I recommend an SSD more than anything else to speed up your computer. Especially if you're running a 5400 rpm drive, you'll notice a RIDICULOUS speed improvement. I bought my first one a few years ago when they were still about $1 a GB, but now they're about half that.

As far as what others have said about "data recovery," if you aren't backing up your data already, that's what you should look into first and foremost. Get yourself an external hard drive and use it SOLELY FOR A BACKUP DRIVE. I've met too many people that are angry at computers because their hard drive failed and they can't get their data back. Just pay the $75 for a TB external and get it over with.

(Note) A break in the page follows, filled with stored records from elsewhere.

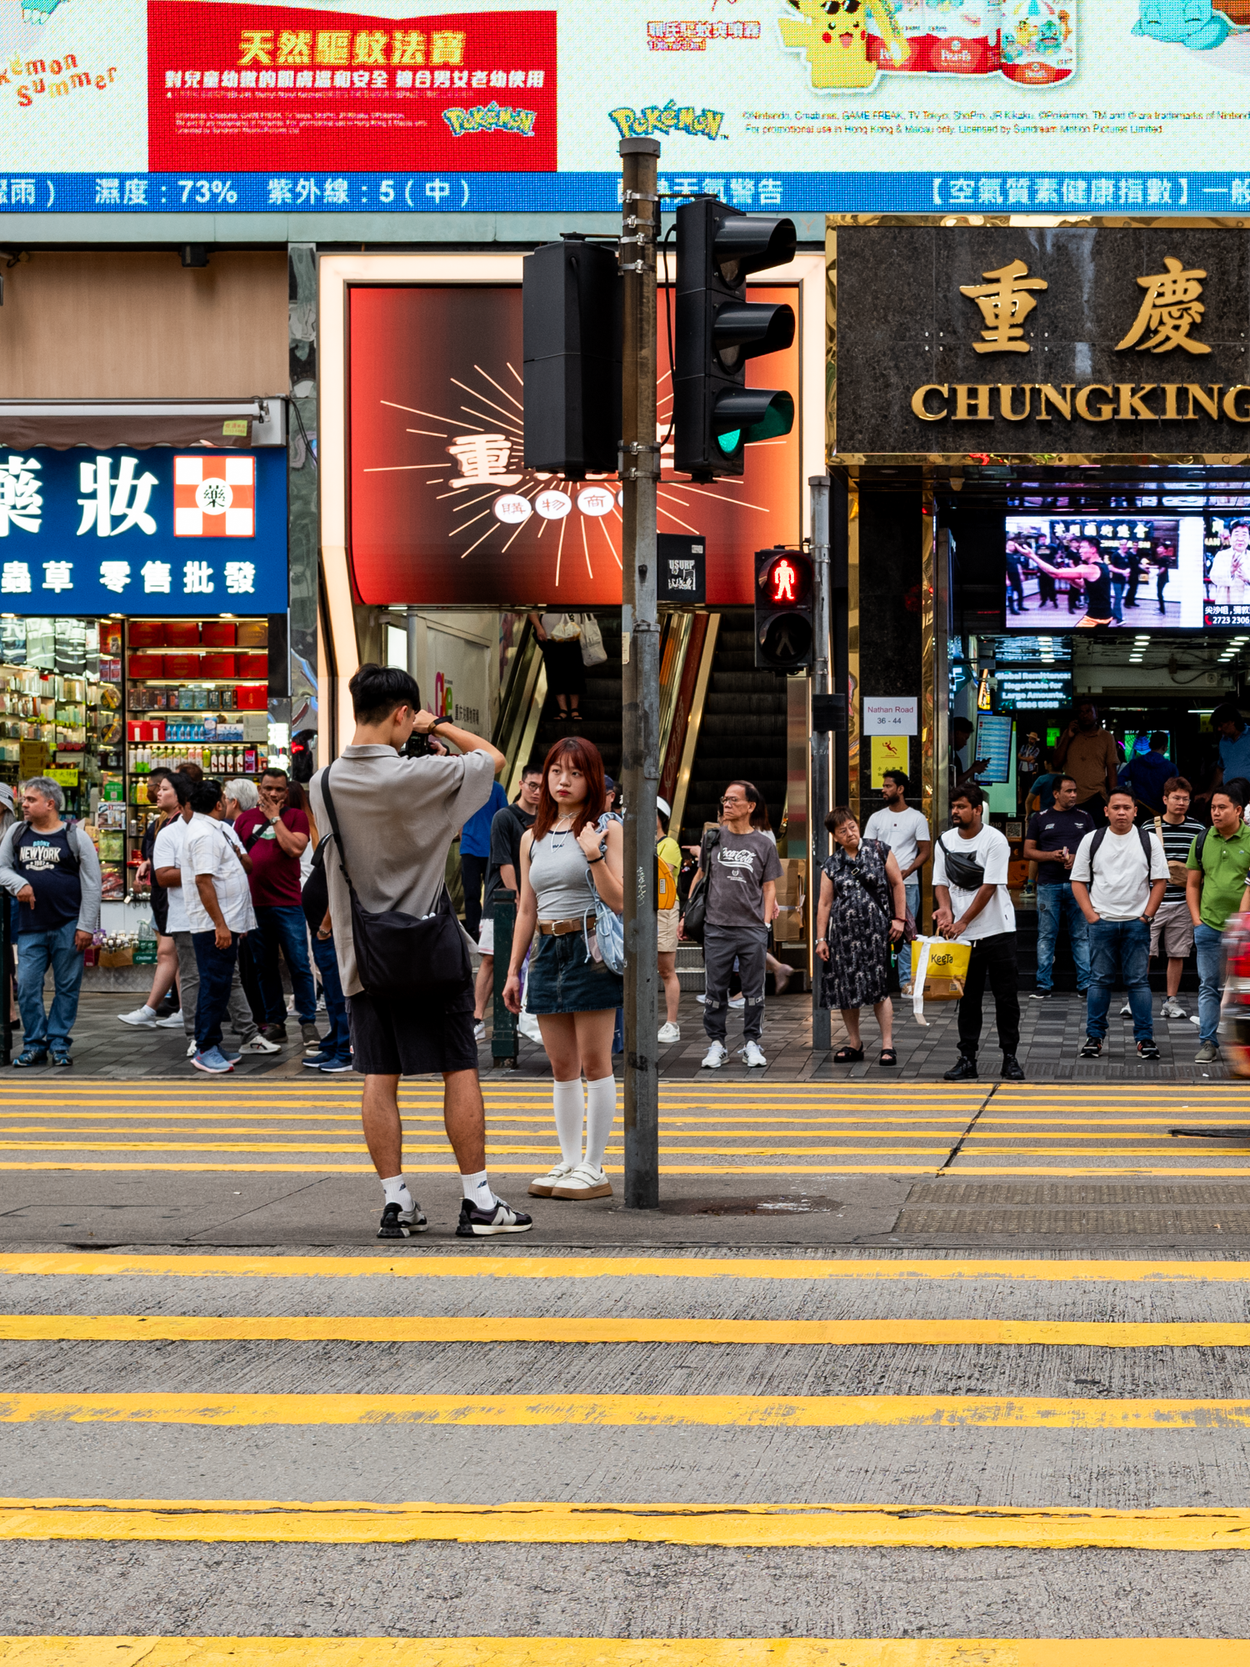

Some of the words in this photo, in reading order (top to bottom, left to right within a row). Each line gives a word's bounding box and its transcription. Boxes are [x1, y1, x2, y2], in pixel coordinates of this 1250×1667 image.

[237, 29, 466, 66] 天然驅蚊法寶
[17, 66, 117, 107] Summer
[1109, 110, 1125, 121] and
[1154, 110, 1203, 121] trademarks
[1206, 110, 1215, 121] of
[746, 125, 759, 135] For
[762, 125, 814, 135] promotional
[817, 125, 832, 135] use
[834, 125, 842, 135] in
[845, 125, 868, 135] Hong
[871, 125, 893, 135] Kong
[959, 125, 998, 135] Licensed
[1000, 125, 1011, 135] by
[1060, 125, 1090, 135] Motion
[1093, 125, 1127, 135] Pictures
[99, 561, 256, 594] 零售批發
[1212, 616, 1231, 625] 2723
[1231, 616, 1250, 625] 2306
[995, 672, 1021, 680] Global
[1003, 682, 1048, 691] Negotiable
[1049, 682, 1063, 690] for
[1002, 692, 1026, 700] Large
[867, 706, 893, 714] Nathan
[894, 706, 914, 714] Road
[877, 717, 886, 725] 36
[892, 717, 902, 725] 44
[931, 953, 953, 966] KeeTa
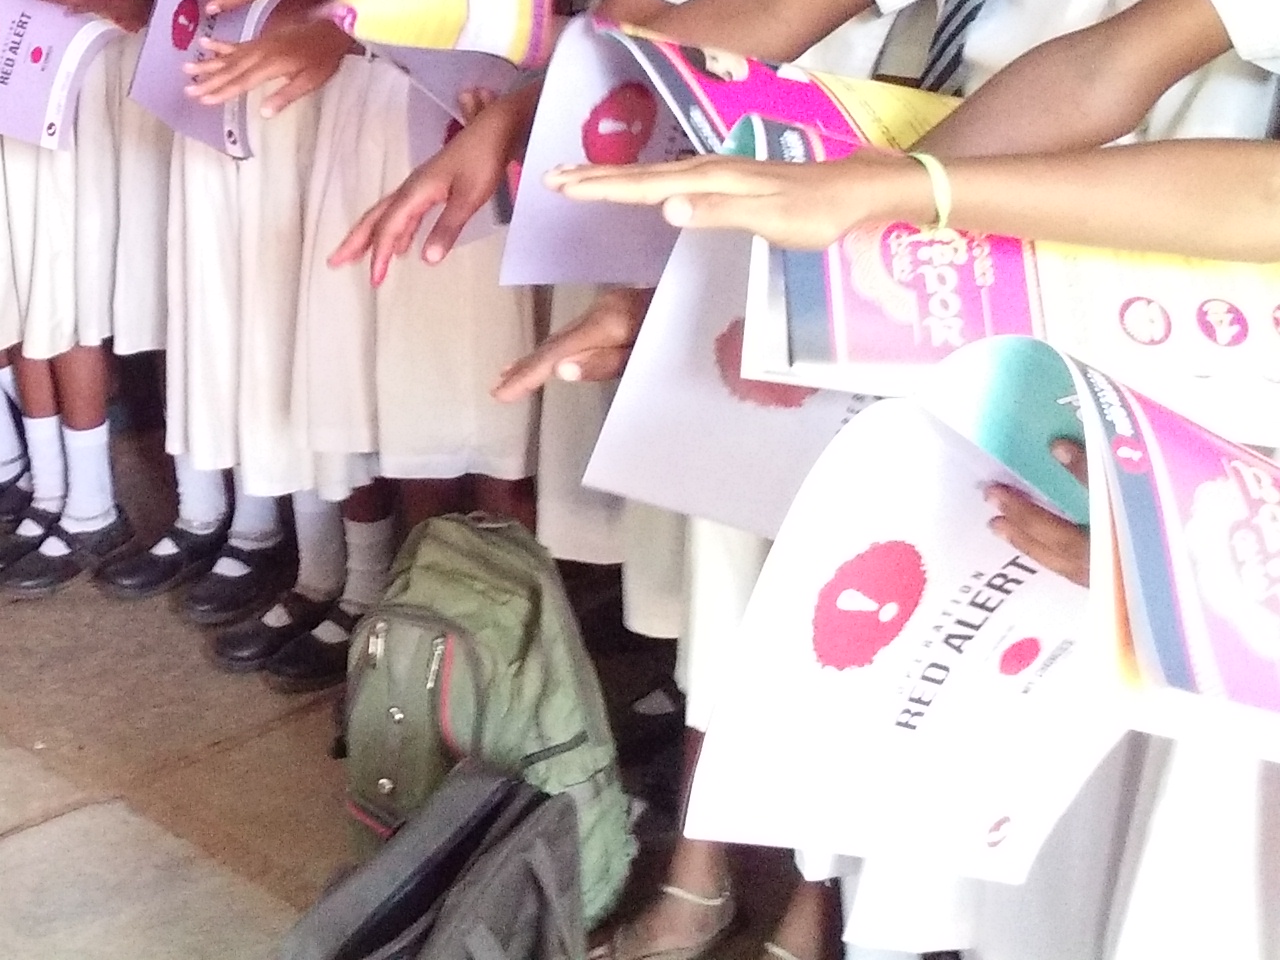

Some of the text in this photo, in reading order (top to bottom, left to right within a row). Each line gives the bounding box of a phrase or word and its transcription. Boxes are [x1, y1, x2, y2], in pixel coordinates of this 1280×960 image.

[8, 11, 32, 56] ALERT
[895, 554, 1039, 730] RED ALERT

Not to mention the failure rate of SSDs is supposed to be astronomically low, if I recall correctly... A quick Google reminded me I saw this on slashdot about a year ago: SSD Annual Failure Rates Around 1.5%, HDDs About 5% - Slashdot. Oddly enough, that link pretty much matches up with what polarity has given as his failure rate for SSDs!
 
I recommend an SSD more than anything else to speed up your computer. Especially if you're running a 5400 rpm drive, you'll notice a RIDICULOUS speed improvement.

It really is mental. I love these guys who quote figures and stats about how a 5400 drive can theoretically support up 17 billion stereo tracks @192k 24bit or whatever.
They can't. Get an SSD. :)
 
Just a fort!!!
If you have a 2 yr old say, laptop and you replace the 5k4 drive with an SSD you would in all likelihood install a cleaner version and eliminate 2yrs junk files? No surprise then that the new clean drive is sprightly?

I am no knocking SSDs but I get my information from about only two or 3 guys that I trust to give me the unvarnished, unhyped, no Emp's new clothes truth!

Dave.
 
Just a fort!!!
If you have a 2 yr old say, laptop and you replace the 5k4 drive with an SSD you would in all likelihood install a cleaner version and eliminate 2yrs junk files? No surprise then that the new clean drive is sprightly?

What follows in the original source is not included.